Well here I go again I am 25 have been with my wonderful Boyfriend Geoff for 18 months now we have been ttc since August 06. I was diagnosed with PCOS just before Christmas last year I was referred to a gyno and he basically told me I was too fat to get pregnant and that I would need to lose weight. So not happy with that I got another referral this time to see a FS she was great, put me straight onto Clomid and never once mentioned my weight.

Currently I have been walking every day in an effort to lose weight as I am hoping that it will make it easier for me when I do finally manage to conceive a little bundle of joy.

I have seen so many friends have babies before me and I am also I proud Auntie to three nephews. I am hoping and praying that it will be my time soon and Geoff and myself can start our own little family. It is great to look after my friends babies but now I want one that I don't have to hand back.

10/10/07

Well AF has finally gone so now it is just a matter of Lot's of BDing hopefully it will happen soon. Just gotta cross our fingers and pray that this will be our month. Sending Lot's of baby dust to everyone TTC

13/10/07

OK I had a blood test on Thursday to check my LH E2 and Prog levels basically it is to see if I am ovulating so I will hopefully have the results to that on Monday or Tuesday.

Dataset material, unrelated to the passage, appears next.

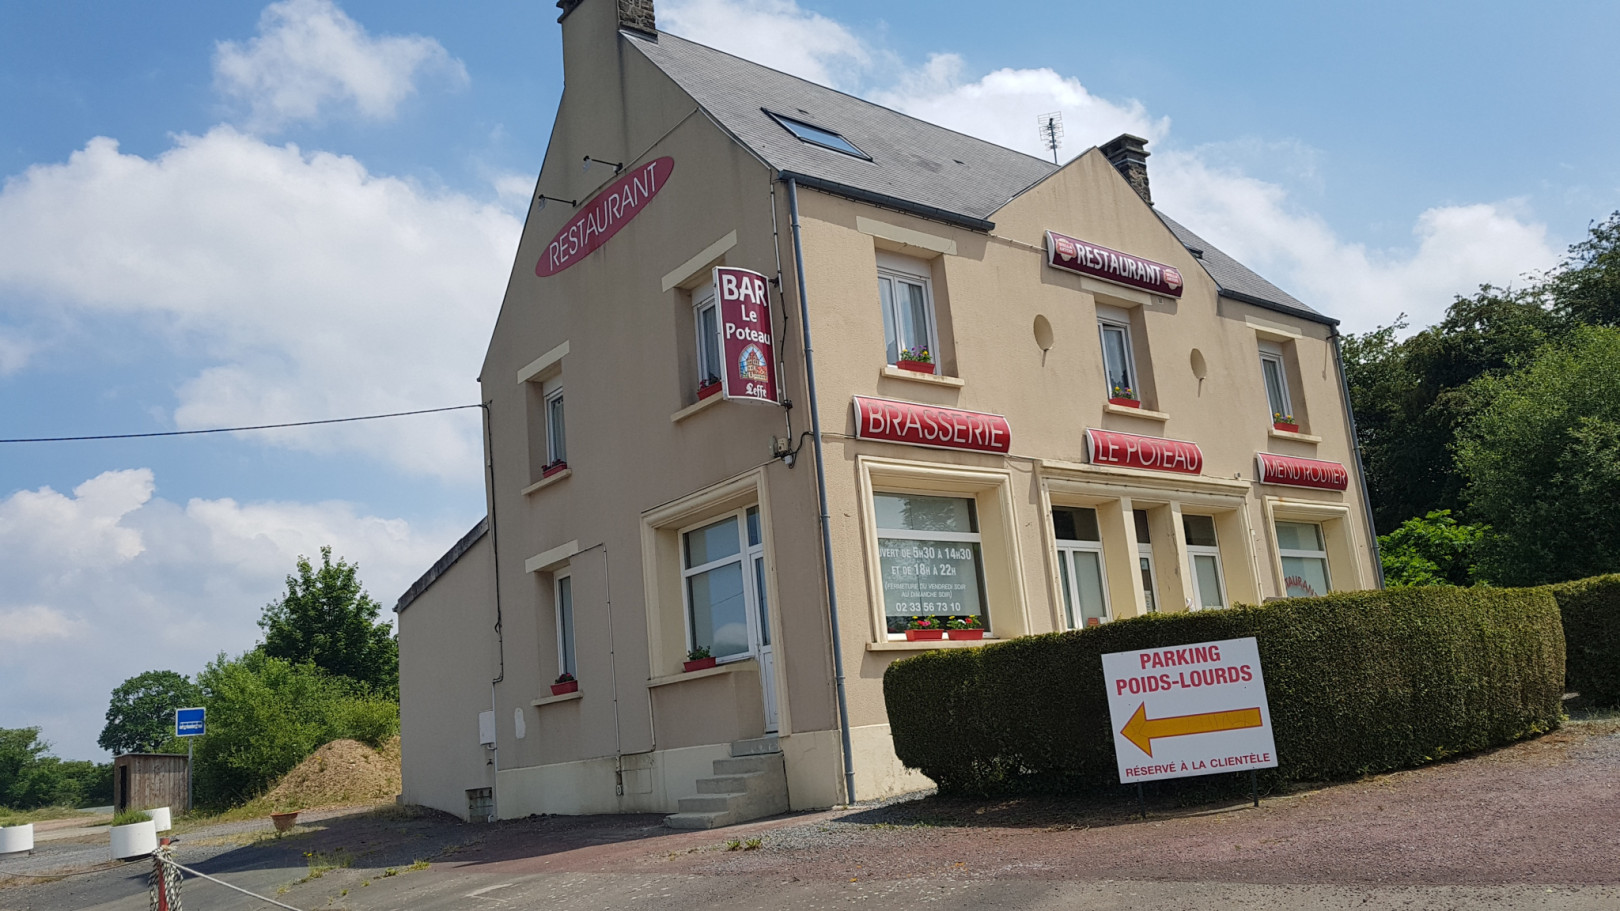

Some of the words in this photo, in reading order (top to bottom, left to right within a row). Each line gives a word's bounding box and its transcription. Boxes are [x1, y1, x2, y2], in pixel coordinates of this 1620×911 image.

I have started to chart my temp to see if that will help, what makes it so hard is with my PCOS I have never had regular periods so I can never tell when I am ovulating it is like I can go anywhere from 1 month to 6 months before I will have a visit from AF.

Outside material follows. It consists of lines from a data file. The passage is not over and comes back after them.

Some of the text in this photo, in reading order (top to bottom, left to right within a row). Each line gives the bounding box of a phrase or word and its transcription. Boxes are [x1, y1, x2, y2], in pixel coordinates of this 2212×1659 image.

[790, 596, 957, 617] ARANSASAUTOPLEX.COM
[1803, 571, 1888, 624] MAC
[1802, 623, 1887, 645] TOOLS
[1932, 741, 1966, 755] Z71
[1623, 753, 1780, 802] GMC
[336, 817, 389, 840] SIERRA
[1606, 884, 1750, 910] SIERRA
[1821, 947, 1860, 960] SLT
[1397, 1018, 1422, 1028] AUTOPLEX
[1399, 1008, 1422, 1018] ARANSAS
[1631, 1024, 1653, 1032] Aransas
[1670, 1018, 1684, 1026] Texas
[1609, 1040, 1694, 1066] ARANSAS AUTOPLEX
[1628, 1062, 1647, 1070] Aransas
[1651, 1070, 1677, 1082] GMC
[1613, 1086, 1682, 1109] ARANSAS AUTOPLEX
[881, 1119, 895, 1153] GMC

So anyway keep my fingers crossed, wear my man out with bding all the time and hopefully it will happen soon. Lot's of Baby dust to everyone.

16/10/07

OK so I got my results from my blood test last night and the doctor said for Geoff and myself to BD last night and do another test to check my LH E2 and Prog levels today so I am hoping that means that I am close to ovulating and that we might have a good chance of conceiving just a matter of playing the waiting game again I guess.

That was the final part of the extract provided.